DF: There seems to be a feeling among certain commentators that abolishing the police or abolishing prisons is tantamount to abandoning communities and dismissing the need for public safety entirely. How do you push back against that impulse?
MS: I think that when we talk about taking away the police [in that scenario], it erases the ways in which communities have already been abandoned. The most policed communities are low-income Black and Indigenous communities, low-income communities of color, where all of these resources that are basic for survival are scarce.
When we think about abolition, we’re thinking about abundance, not scarcity. We are thinking about what can foster the survival of people and communities, what can actually make people live and thrive together. And the police are not included, because police are violent.
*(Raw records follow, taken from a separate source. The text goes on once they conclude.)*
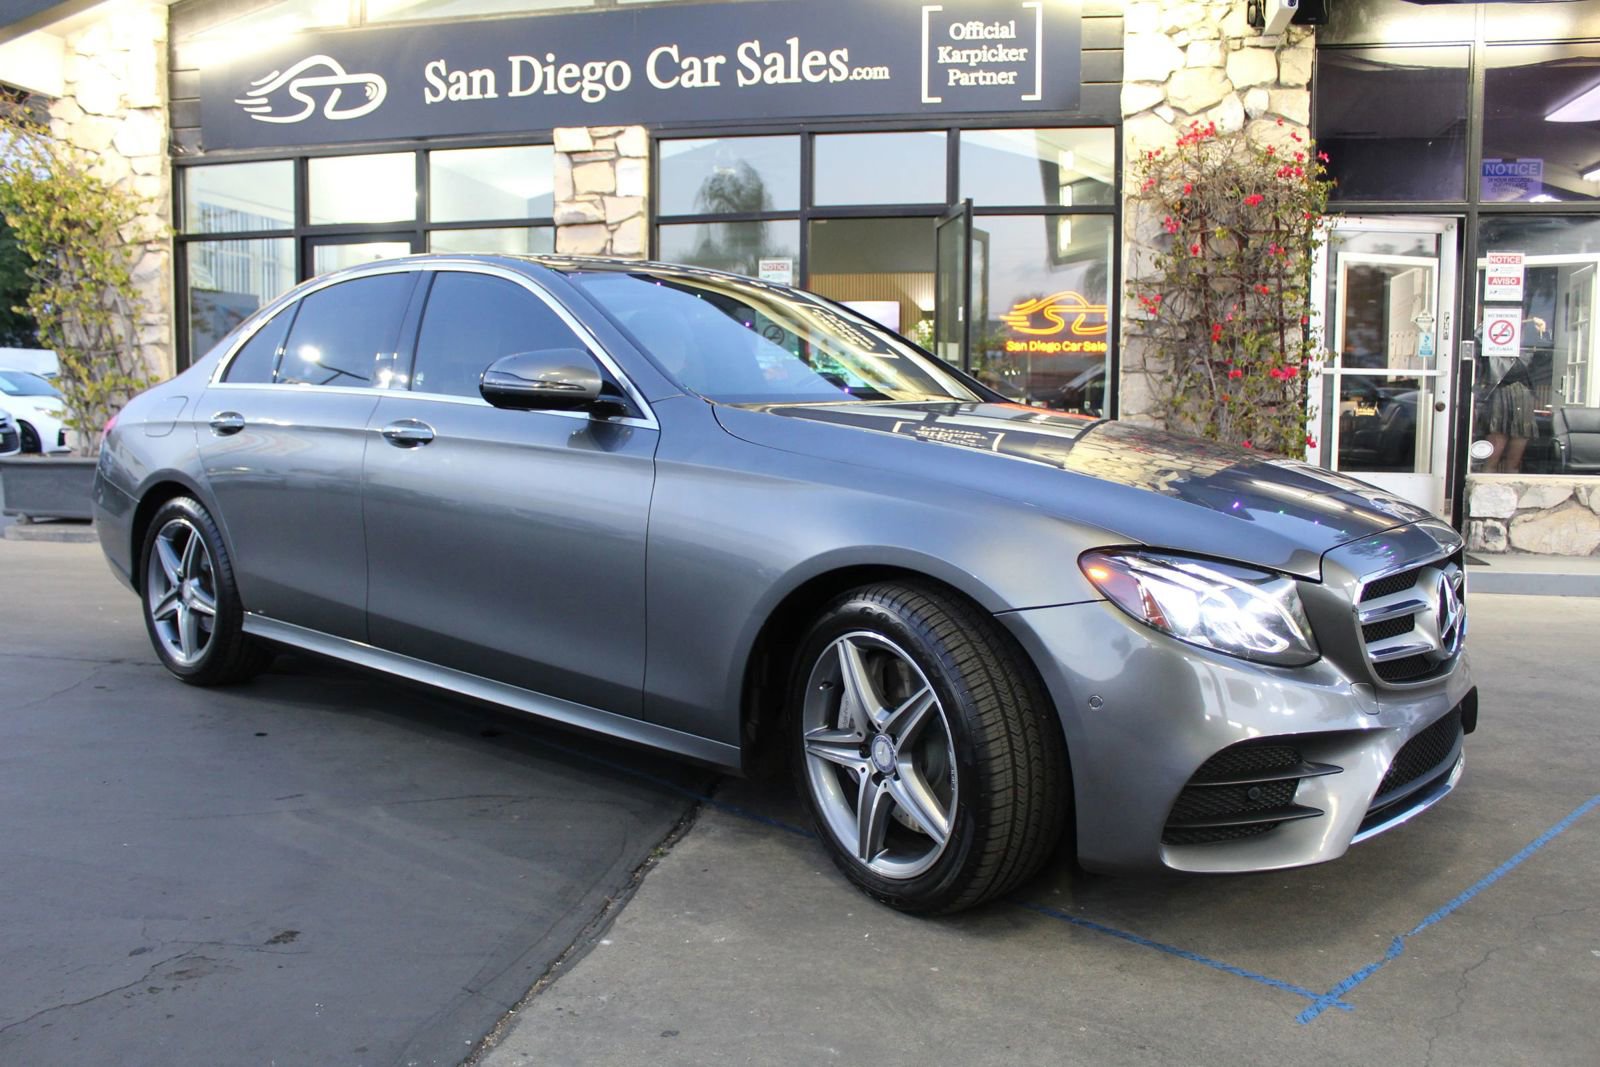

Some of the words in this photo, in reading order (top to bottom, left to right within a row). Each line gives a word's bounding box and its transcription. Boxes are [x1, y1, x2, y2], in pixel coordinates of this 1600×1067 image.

[948, 20, 1016, 40] Official
[937, 44, 1028, 66] Karpicker
[424, 59, 498, 105] San
[508, 53, 631, 104] Diego
[646, 44, 726, 90] Car
[736, 36, 890, 88] Sales.com
[947, 68, 1017, 86] Partner
[1485, 163, 1538, 175] NOTICE
[762, 263, 789, 271] NOTICE
[1489, 256, 1521, 264] NOTICE
[1492, 277, 1517, 285] AVISO
[1006, 340, 1028, 352] San
[1029, 339, 1061, 353] Diego
[1062, 340, 1082, 352] Car
[1083, 340, 1108, 352] Sale
They are part of the problem, they’re actually working against health, working against well-being, working against safety.
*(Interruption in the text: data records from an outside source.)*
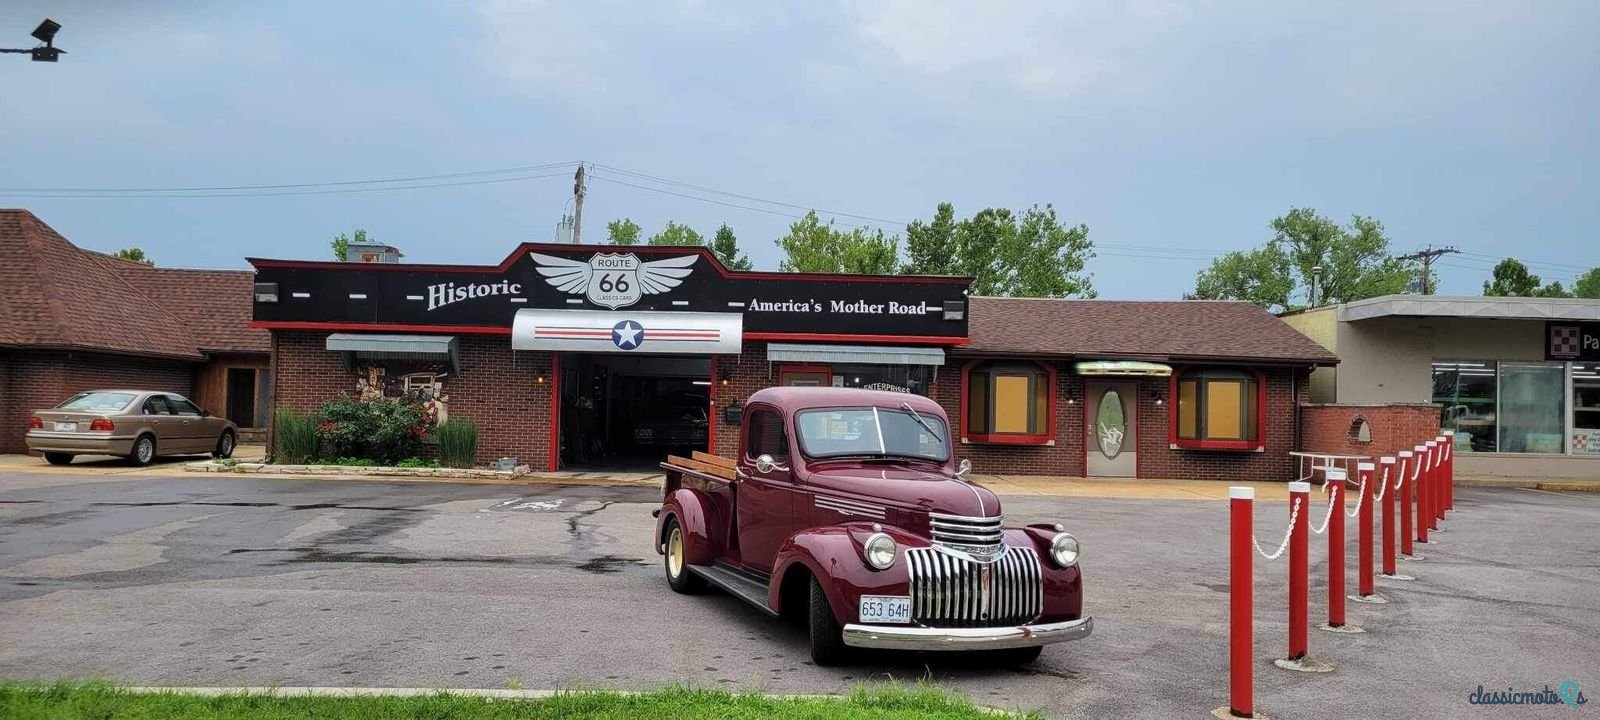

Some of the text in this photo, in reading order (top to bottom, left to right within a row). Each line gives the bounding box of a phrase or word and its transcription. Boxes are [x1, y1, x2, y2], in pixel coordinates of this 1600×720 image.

[598, 259, 631, 268] ROUTE
[599, 273, 630, 293] 66
[427, 279, 522, 311] Historic
[748, 298, 926, 315] America's Mother Road
[862, 601, 909, 618] 653 64H
Sometimes the conversations around taking away police as being like abandonment are really about how we create collective safety. Like what are the measures that we can take that will actually address violence? Because the police aren’t doing that. And that’s something that we talk about in the final chapters of the book. We look at all kinds of community projects around the country that are taking on these questions: How do you deal with violence? How do you build safety? Ejeris Dixon, someone we interviewed for our book, says that safety is a practice. It’s not just a thing that is given to us. It’s something that we all have to work on.
DF: In the closing section of the book, you return to a quote from Ruth Wilson Gilmore about how abolition is not aspirational but an adventure. What does that mean to you?
MS: I think what Ruthie is saying is that people are already doing abolition. Sometimes, abolition is spoken of as a dream. The people who dismiss it say, “You know, that would be great.” Like, hopefully, in the future, we’ll have a society in which we can abolish prison and police. But we can only imagine it. And what Gilmore was saying, and what a lot of people we interviewed for the book affirmed, is that people are already doing abolition in all kinds of different ways. They’re practicing new forms of building safety or old forms of building safety that don’t involve the police, they’re being creative and working on different projects for how to make their communities work for them.
We’ve seen amazing abolitionist work happening over the past few months in terms of people’s responses to Covid-19 and mutual aid networks cropping up in all kinds of communities. People are getting to know their neighbors and are working together, building community in ways that are completely separate from police and prisons.